Will AI Chatbots Replace Human Customer Service?
The latest sci-fi would have you believe that machine vs. human is the ultimate war. In fact, many lament the ways in which AI lacks a deeper understanding of language, and yet, many can also see limitations in human interactions. Both man and the mechanical beast that serves it are imperfect, it seems.
The Need for Human Connection
Traditional customer service, such as call centers, have 29.4% of the world’s global market. In-house employees handle complaints by phone and email, using communication scripts when talking to customers. They are trained in effective communication, usually with strong verbal and written communication skills.
Human communication is one of the best ways to resolve problems, particularly complex problems, between customers and businesses. For problems that require critical thinking and analysis, human interaction provides. A study by Forbes Magazine shows that 86% of customers still prefer speaking to humans than to chatbots.
The Human Vulnerabilities
Yet, as much as customers crave human connection, this connection can show human vulnerabilities as well:
- a whole customer service team is more costly than one chatbot.
- a customer wants to solve a problem within minutes, which simply just cannot be done by a customer service agent all the time.
- complex problems require time and effort that might be solved faster by a more evolved AI.
- there are long wait-times, unavailability in email, and other inefficient communication that could cost companies customers.
A study by Hubspot shows that 42% of customers use live chat, 62% use email, 36% use “Contact Us” forms to communicate with customer service. This means that digital communication is still a preferred form of communication, regardless of whether human or machine is behind it. This knowledge could be used by companies to leverage their chatbots alongside their human customer service.
The Conversational Chatbot As A Solution
Today, AI chatbot software has the ability to simulate human conversations. As a result, they can help customer service teams improve their performance manifold by serving more customers, proactively engaging them at all times, and providing accurate information and speedy resolutions. It uses natural language processing (NLP) which helps to understand the human conversation, which includes summarization, translation, and answering questions. It also uses machine learning, which helps automatically learn and improve over time from its experiences. Furthermore, it uses AI deep learning which uses artificial neural networks to analyze data.

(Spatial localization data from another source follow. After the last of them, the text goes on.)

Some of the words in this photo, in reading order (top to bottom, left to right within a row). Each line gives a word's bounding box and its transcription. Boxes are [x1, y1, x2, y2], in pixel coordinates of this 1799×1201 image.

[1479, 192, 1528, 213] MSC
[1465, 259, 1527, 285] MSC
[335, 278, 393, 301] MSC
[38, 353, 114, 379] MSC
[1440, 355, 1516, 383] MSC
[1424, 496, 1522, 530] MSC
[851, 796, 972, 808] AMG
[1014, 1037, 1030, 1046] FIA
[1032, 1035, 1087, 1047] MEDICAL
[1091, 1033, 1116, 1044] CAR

A conversational AI chatbot can do much more than a customer service team. A conversations AI chatbot can simulate human conversations. Virtual assistants are now composed mainly of conversational AI. Amazon’s Alexa, Apple’s Siri, and Google Home are examples of this. Virtual “Customer” Assistants are more specialized and more advanced. They offer precise answers and intuitive responses, simulating human conversations and taking action for the customer.
How to Leverage Customer Service With Both Human and Machine
While AI can replace certain functions or roles of humans, such as customer service representatives, it won’t be for a time, if ever, that they will replace human customer service. What machines can do is help in a user’s customer service journey.

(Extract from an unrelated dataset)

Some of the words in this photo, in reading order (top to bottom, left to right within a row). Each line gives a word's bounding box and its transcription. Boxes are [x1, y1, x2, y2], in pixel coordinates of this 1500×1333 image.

Companies Who Do This Well
Hand-in-hand with human customer service agents as the middlemen machines at the beginning of the user journey. Here are some examples of modern chatbots integrated with human agents:
- Bank of America, for example, has a virtual assistant named Erica. This chatbot helps mobile app users with basic banking needs. If the query escalates to need a human agent, Erica connects users with call center agents. It’s there at the very beginning of the journey.

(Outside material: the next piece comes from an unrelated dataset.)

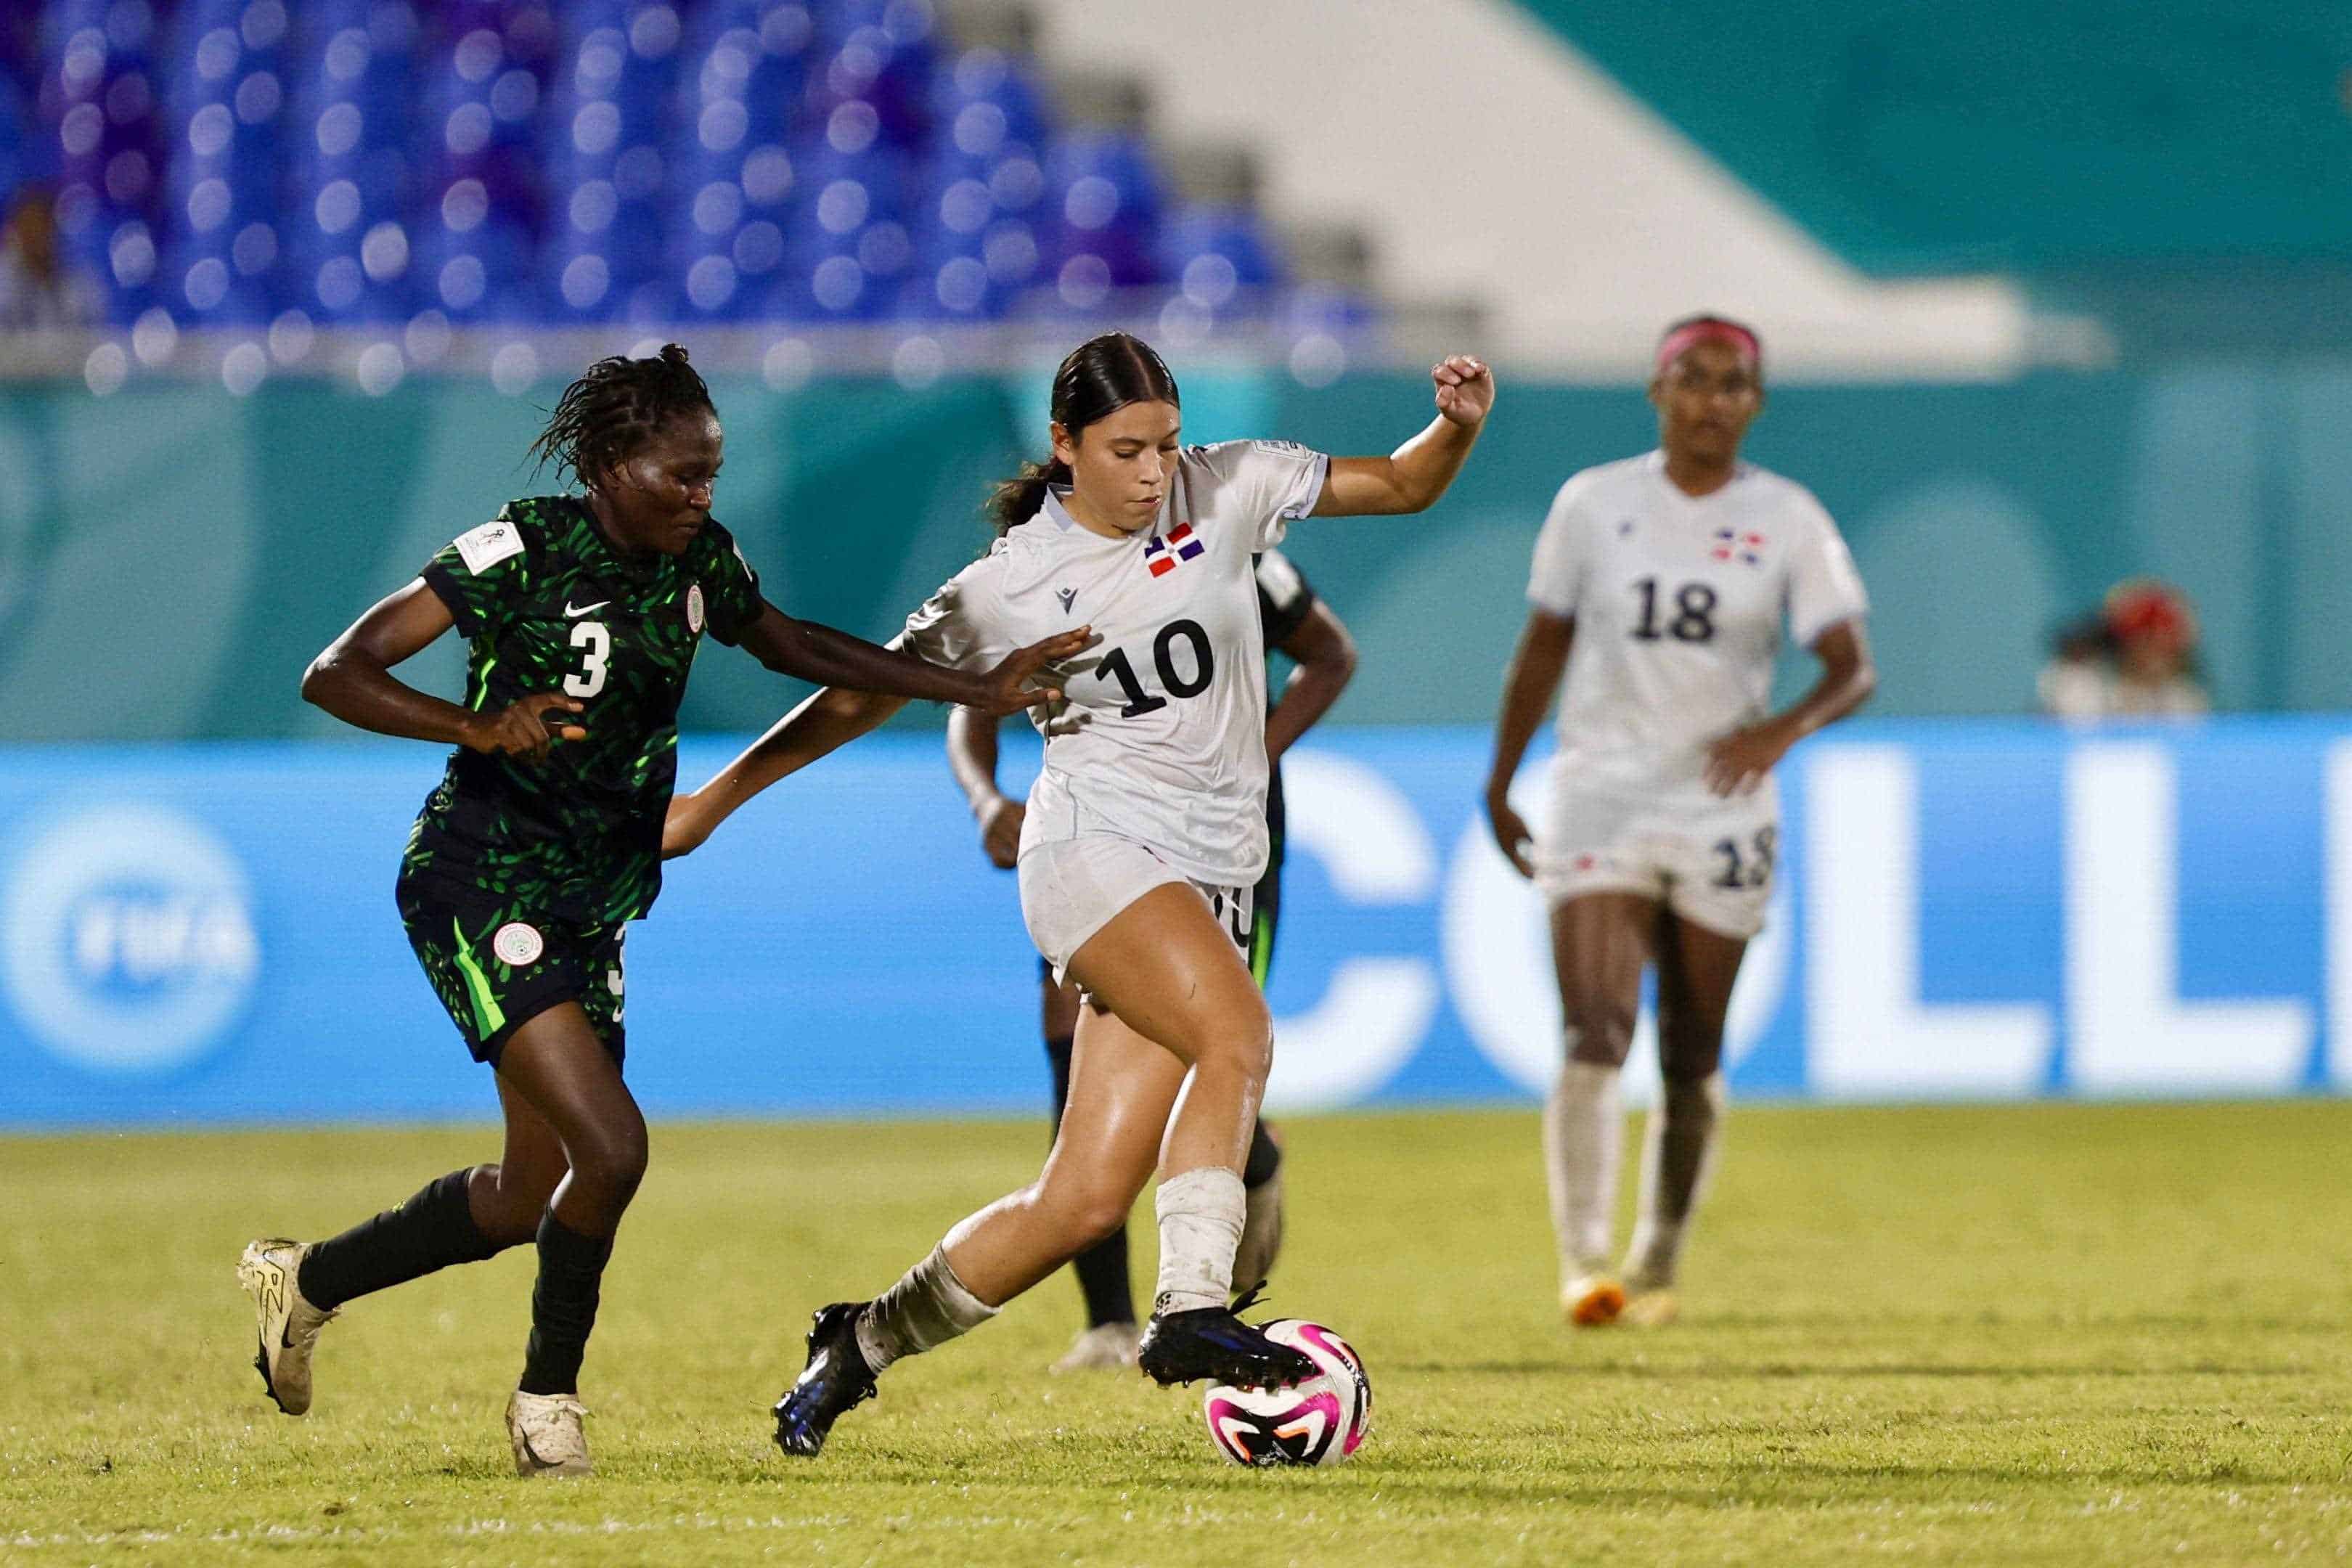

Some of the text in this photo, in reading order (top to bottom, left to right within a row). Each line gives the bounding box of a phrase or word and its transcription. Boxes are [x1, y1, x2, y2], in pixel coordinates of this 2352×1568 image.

[1630, 578, 1718, 643] 18
[563, 621, 610, 697] 3
[1095, 618, 1214, 718] 10

- Nuance is another example of AI done right, with their acquisition of Saykara. Pronounced “say-care-a” this mobile AI is a virtual assistant for the medical field. Saykara automates the technical processes between patient and doctor, setting up medical appointments to obtaining patient consents and more. It acts as a middleman between the medical staff and patients.
- Netomi is a Silicon Valley company and they have a customer service chatbot of the same name. It’s available 24/7, 7 days a week, basically whenever you have a problem. This accomplishes tasks so that the human agent is freer to do other things. If the AI can’t handle the issue, it’s smart enough to hand the issue over to a human agent. Like Erica, it’s there at the beginning of the journey.
So the #1 advice is: human-AI integration. Use AI at the beginning of the customer service journey, but don’t rely on it alone.
Translation Services Integrating Human To AI
At the heart of the customer service journey is language. If you don’t know how to communicate to the customer in their preferred language, then you won’t be able to serve the customer in meaningful ways. This is why you can hear a lot of automated phone calling systems saying “Press 1 for English, Press 2 for Spanish” and so on.
The need to relate to consumers in their own language is key. Whether your customer service team has an in-house translation team or you’re outsourcing to translation services with a network of professionals, AI and human translation will work together to benefit customer service relationships with customers.
As technology is advancing, machine translation as much of a necessity as an AI chatbot. But, they won’t ever replace human translators and human customer service agents. We will not be defeated by the things we make.